▸ **Entries shown**
#####
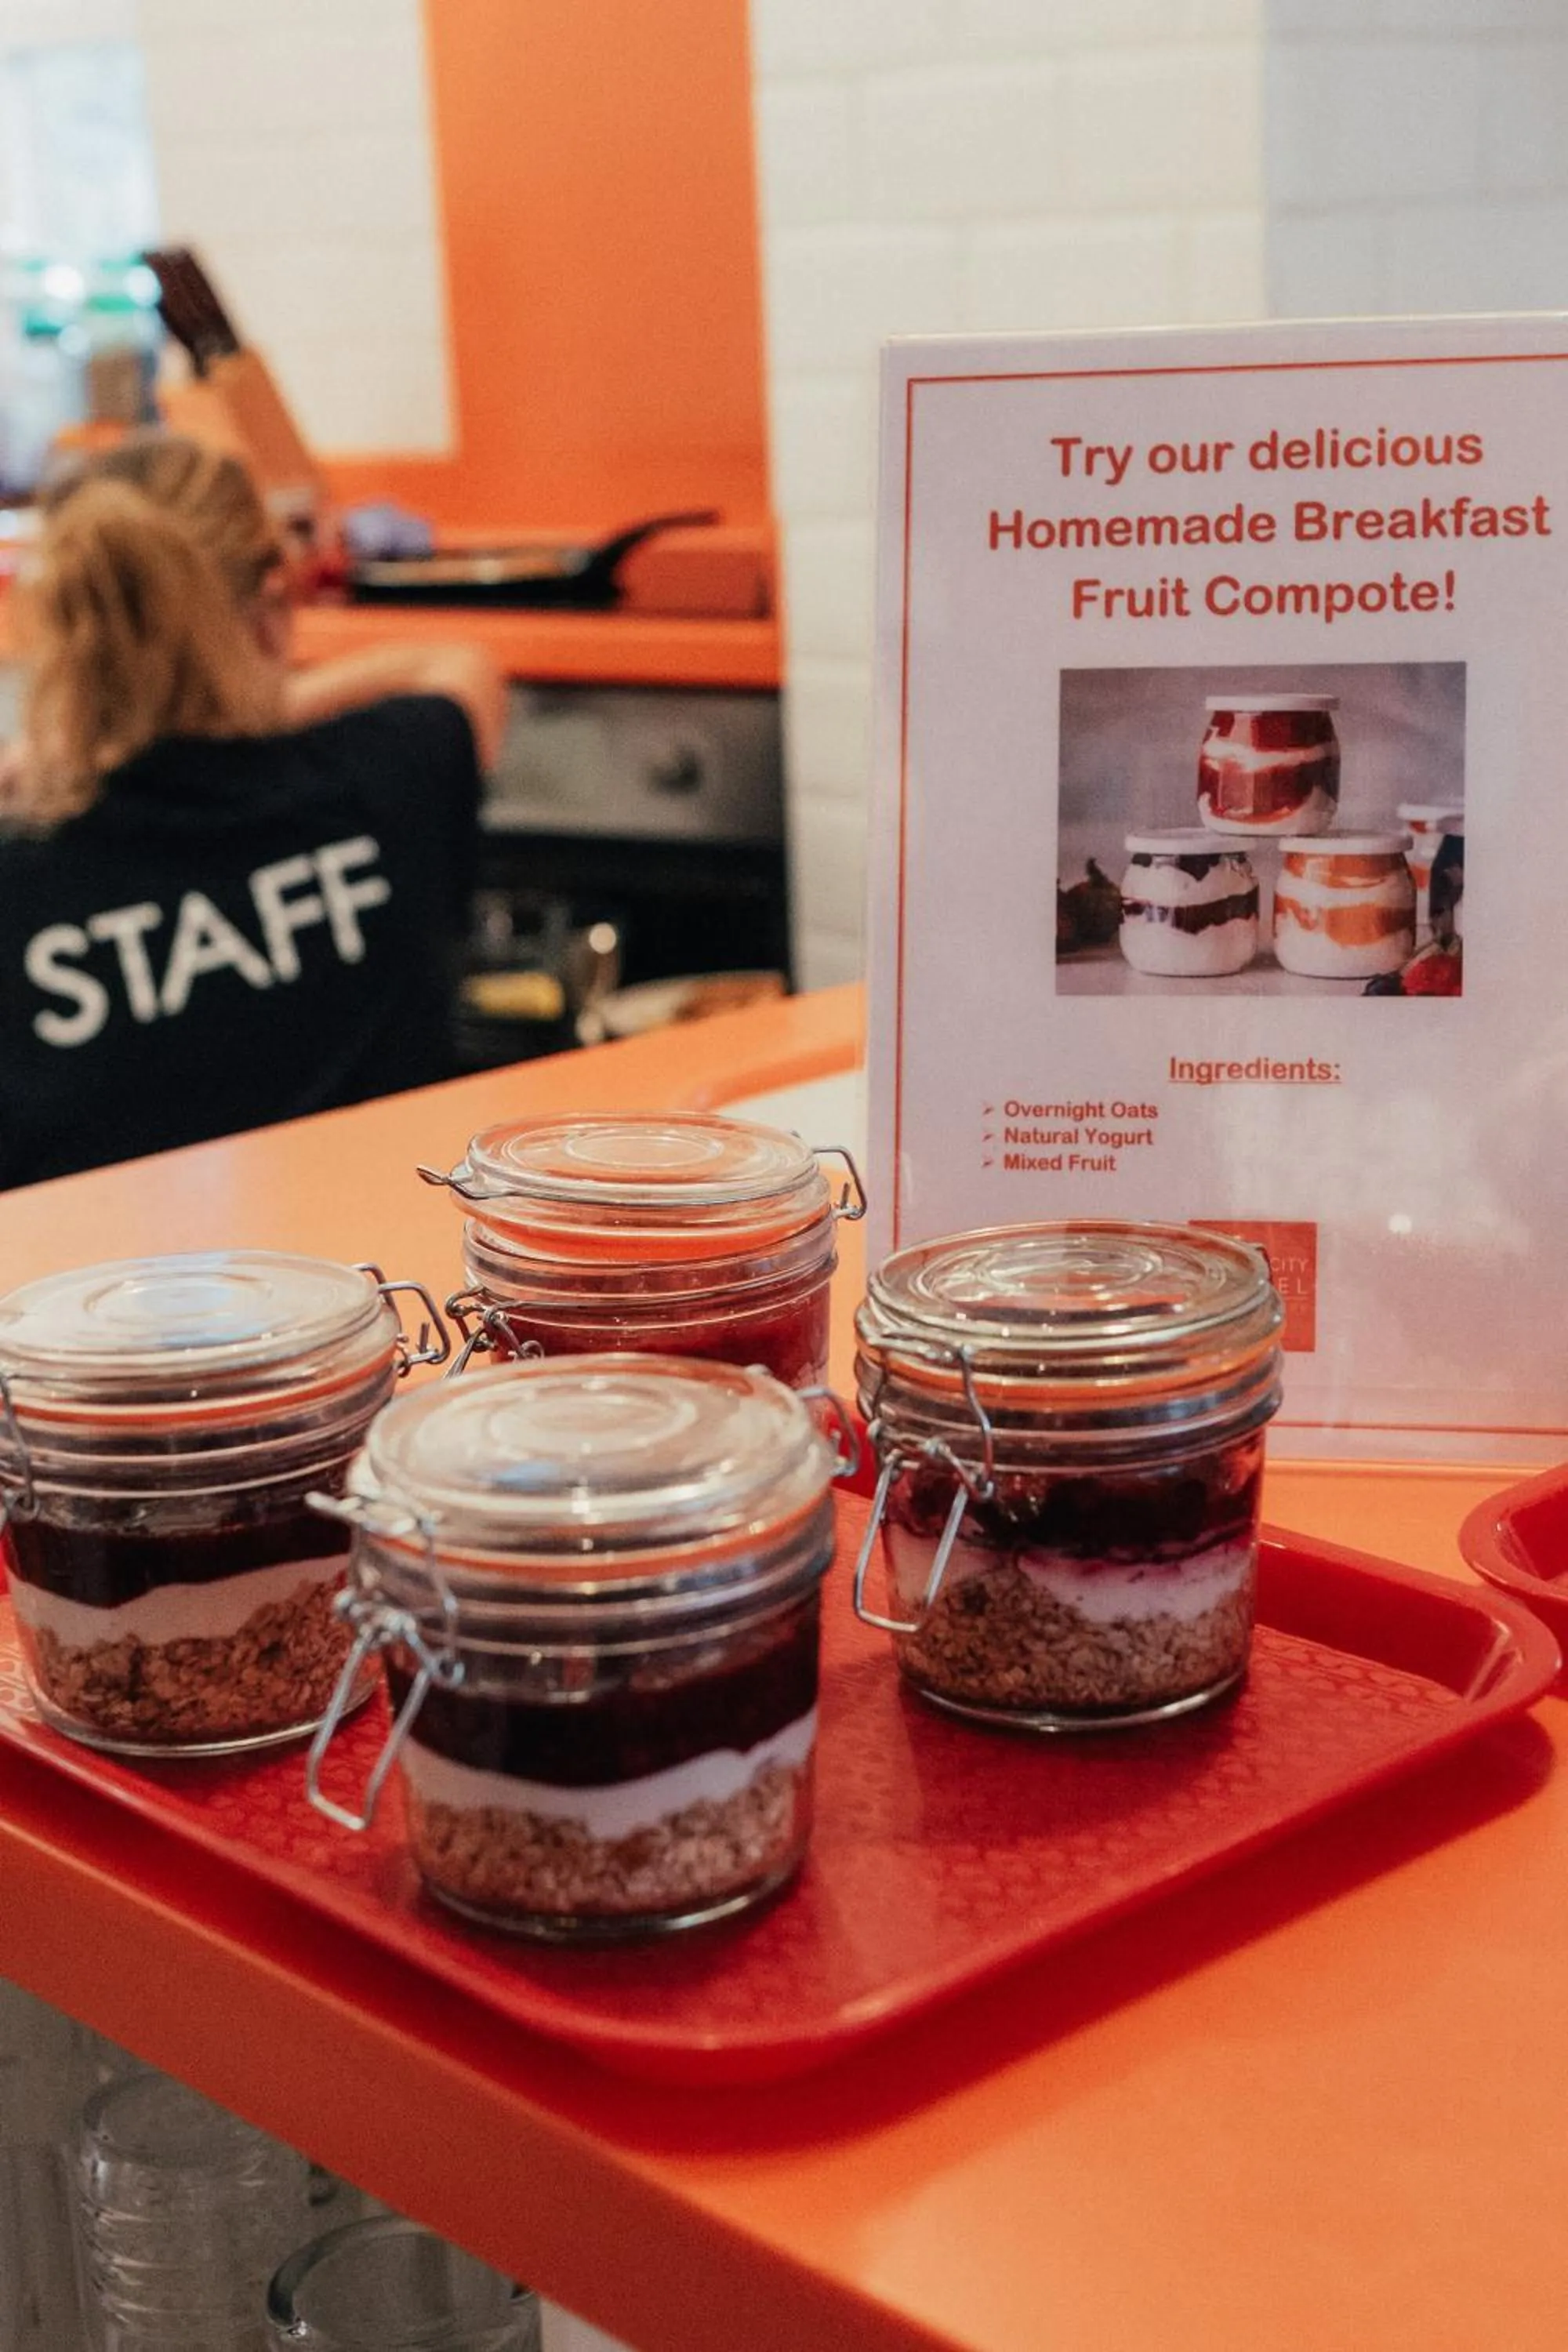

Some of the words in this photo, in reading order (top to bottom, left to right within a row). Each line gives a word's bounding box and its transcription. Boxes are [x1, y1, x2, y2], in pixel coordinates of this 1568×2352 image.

[1050, 436, 1134, 486] Try
[1147, 441, 1234, 474] our
[1247, 427, 1483, 470] delicious
[988, 503, 1276, 550] Homemade
[1294, 495, 1552, 541] Breakfast
[1072, 577, 1191, 619] Fruit
[1204, 571, 1456, 623] Compote!
[24, 834, 391, 1047] STAFF
[1169, 1056, 1341, 1084] Ingredients:
[1004, 1100, 1105, 1122] Overnight
[1111, 1101, 1159, 1119] Oats
[1004, 1127, 1080, 1145] Natural
[1085, 1127, 1154, 1148] Yogurt
[1004, 1154, 1063, 1170] Mixed
[1068, 1153, 1117, 1171] Fruit
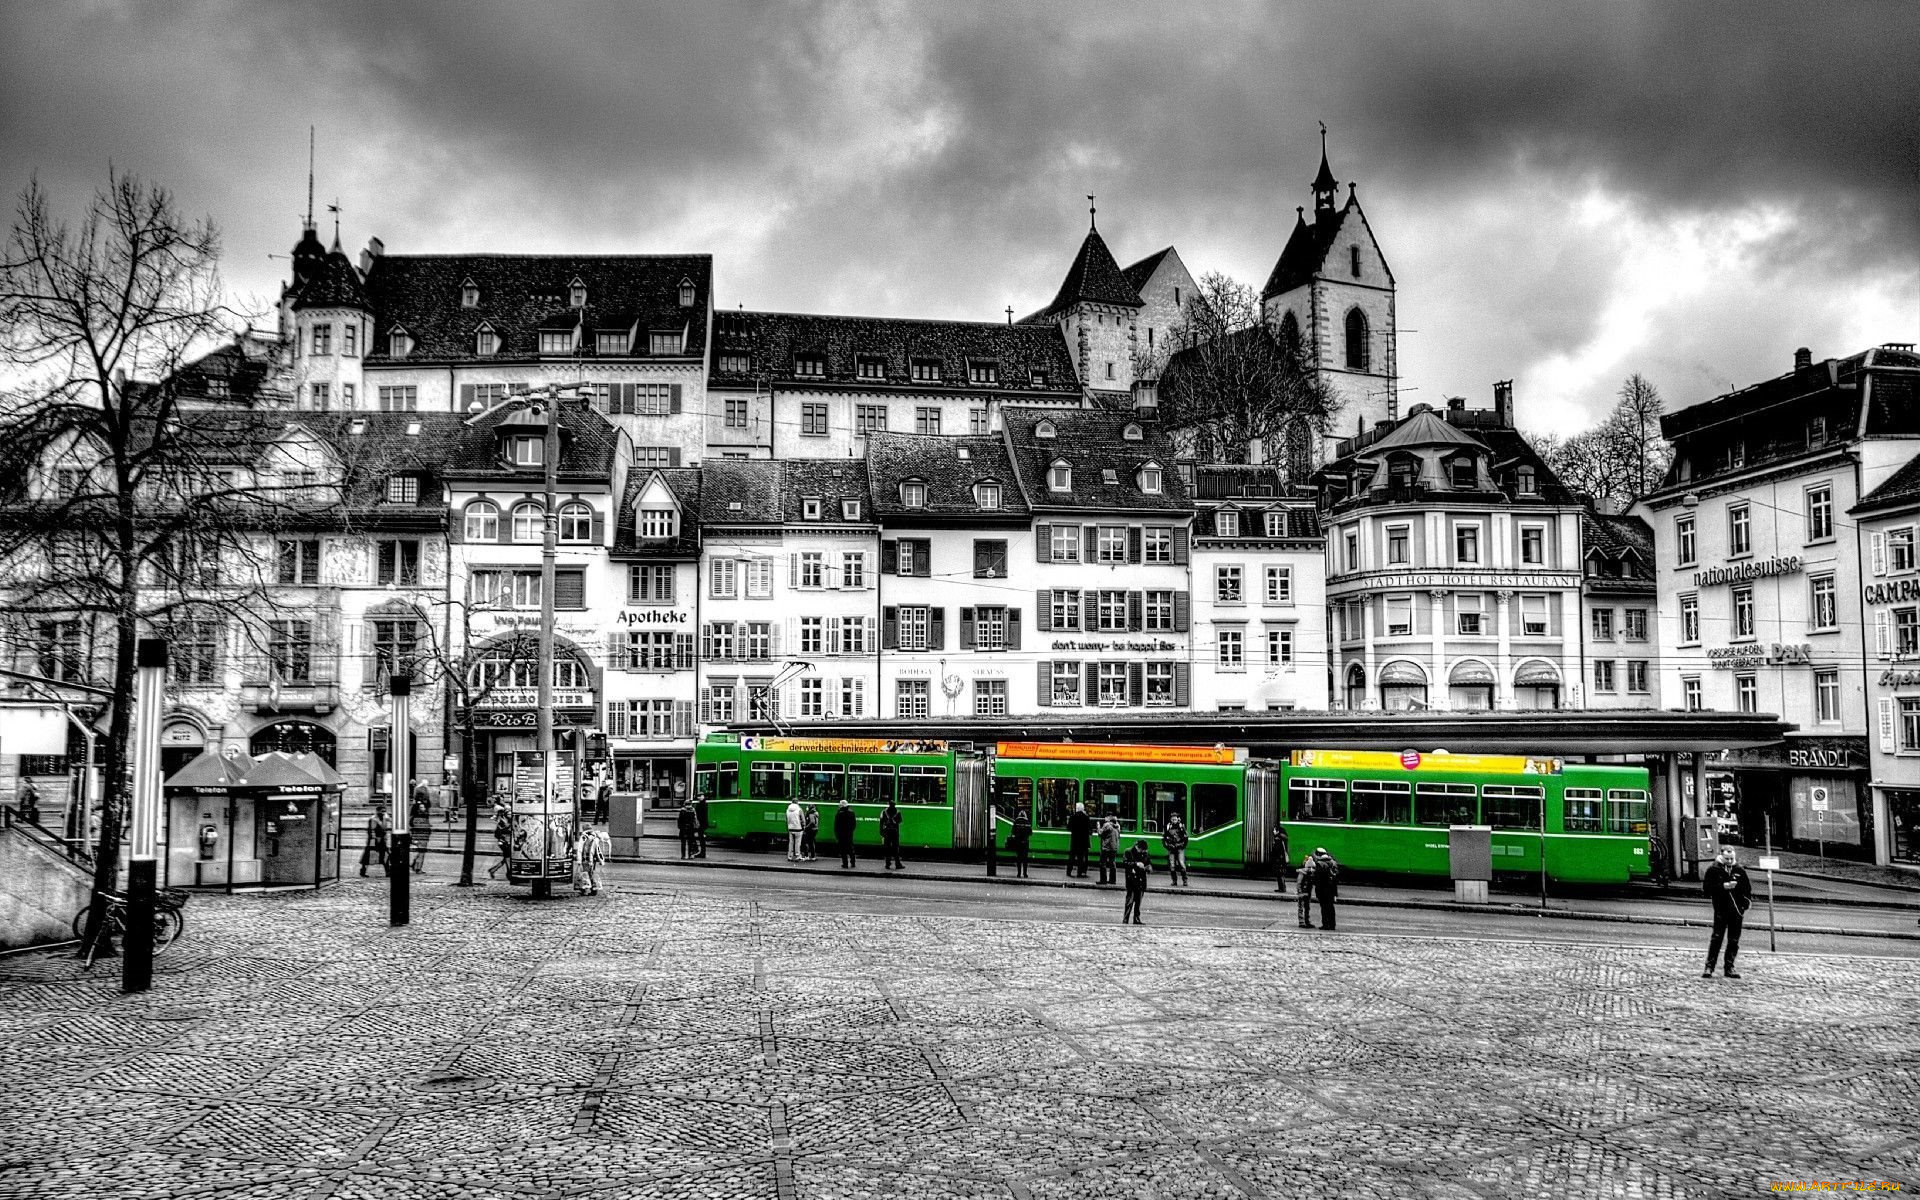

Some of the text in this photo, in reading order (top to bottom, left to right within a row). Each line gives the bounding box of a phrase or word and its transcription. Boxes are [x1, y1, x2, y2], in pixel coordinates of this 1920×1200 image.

[1364, 575, 1579, 588] STADTHOF HOTEL RESTAURANT
[616, 609, 687, 627] Apotheke
[1112, 640, 1126, 651] be
[491, 712, 521, 726] Rio
[789, 743, 879, 753] derwerbetechniker.ch
[193, 786, 228, 794] Telefon
[279, 785, 322, 793] Telefon
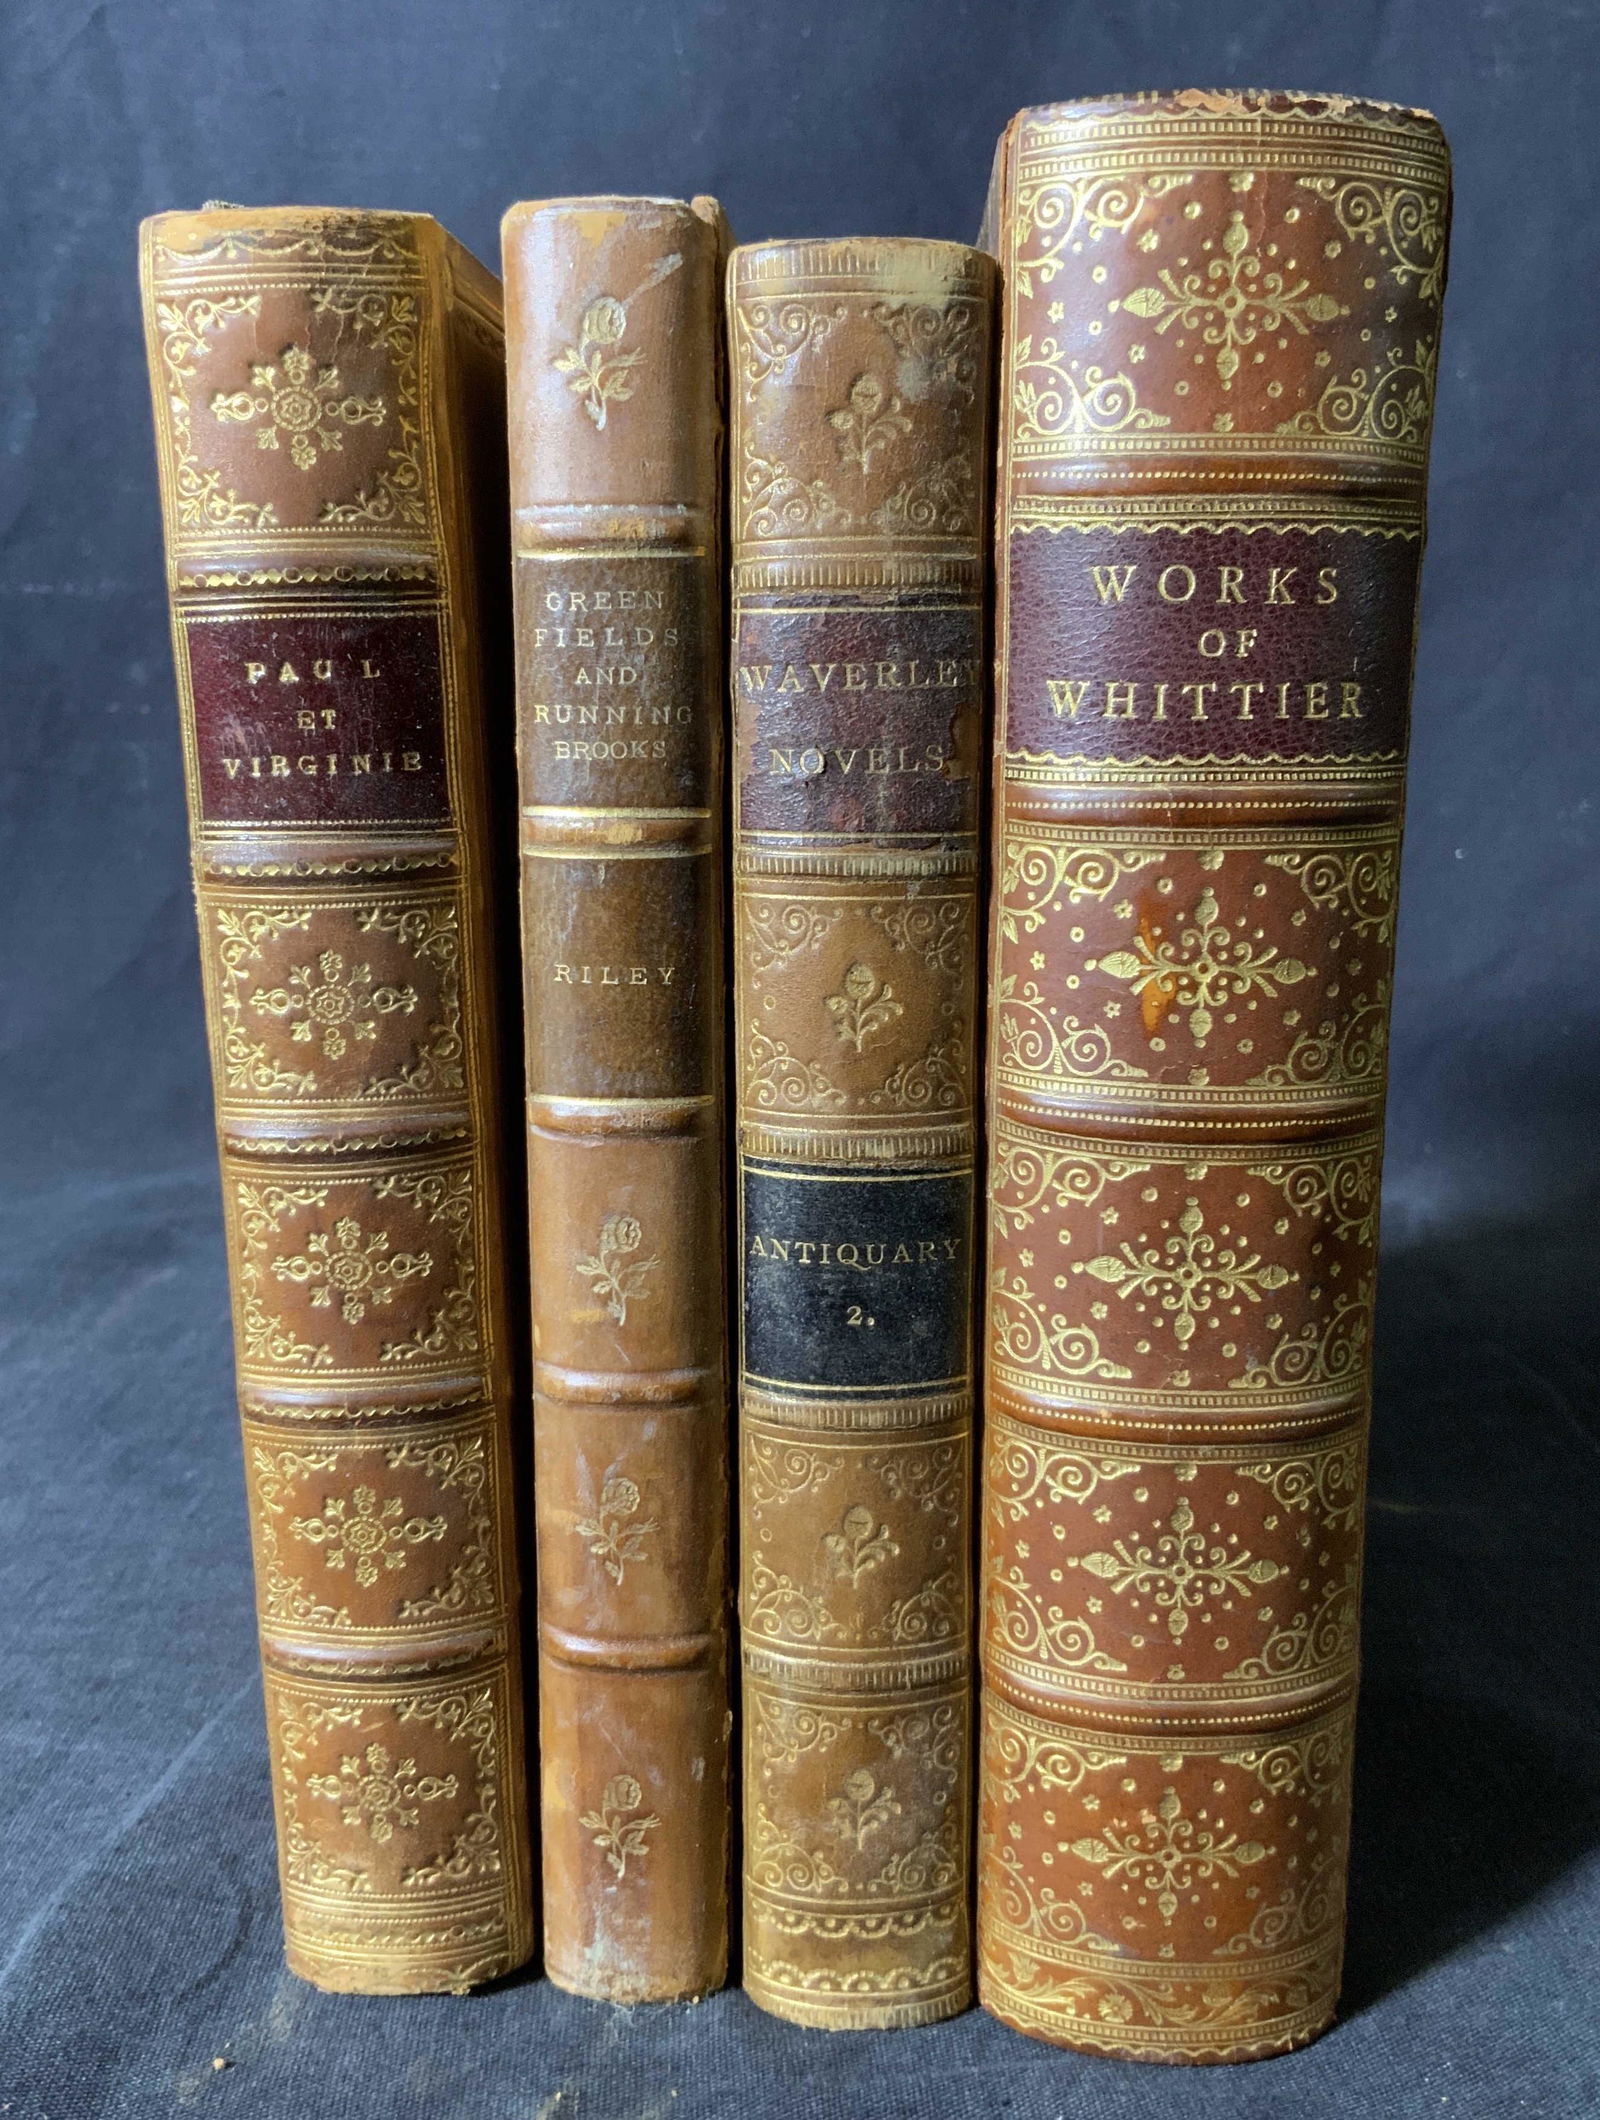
#####
▸ **Exercise instructions**
No images belong in the copy. Transcribe every record exactly.

▸ **Written answer**
Some of the words in this photo, in reading order (top to bottom, left to right within a row). Each line gives a word's bounding box and its transcription. Boxes are [x1, y1, x2, y2], in pixel coordinates of this 1568×2352 image.

[1050, 436, 1134, 486] Try
[1147, 441, 1234, 474] our
[1247, 427, 1483, 470] delicious
[988, 503, 1276, 550] Homemade
[1294, 495, 1552, 541] Breakfast
[1072, 577, 1191, 619] Fruit
[1204, 571, 1456, 623] Compote!
[24, 834, 391, 1047] STAFF
[1169, 1056, 1341, 1084] Ingredients:
[1004, 1100, 1105, 1122] Overnight
[1111, 1101, 1159, 1119] Oats
[1004, 1127, 1080, 1145] Natural
[1085, 1127, 1154, 1148] Yogurt
[1004, 1154, 1063, 1170] Mixed
[1068, 1153, 1117, 1171] Fruit

Some of the text in this photo, in reading order (top to bottom, left to right within a row). Each line gives the bounding box of a phrase or word and its transcription. Boxes are [x1, y1, x2, y2], in pixel coordinates of this 1920×1200 image.

[1364, 575, 1579, 588] STADTHOF HOTEL RESTAURANT
[616, 609, 687, 627] Apotheke
[1112, 640, 1126, 651] be
[491, 712, 521, 726] Rio
[789, 743, 879, 753] derwerbetechniker.ch
[193, 786, 228, 794] Telefon
[279, 785, 322, 793] Telefon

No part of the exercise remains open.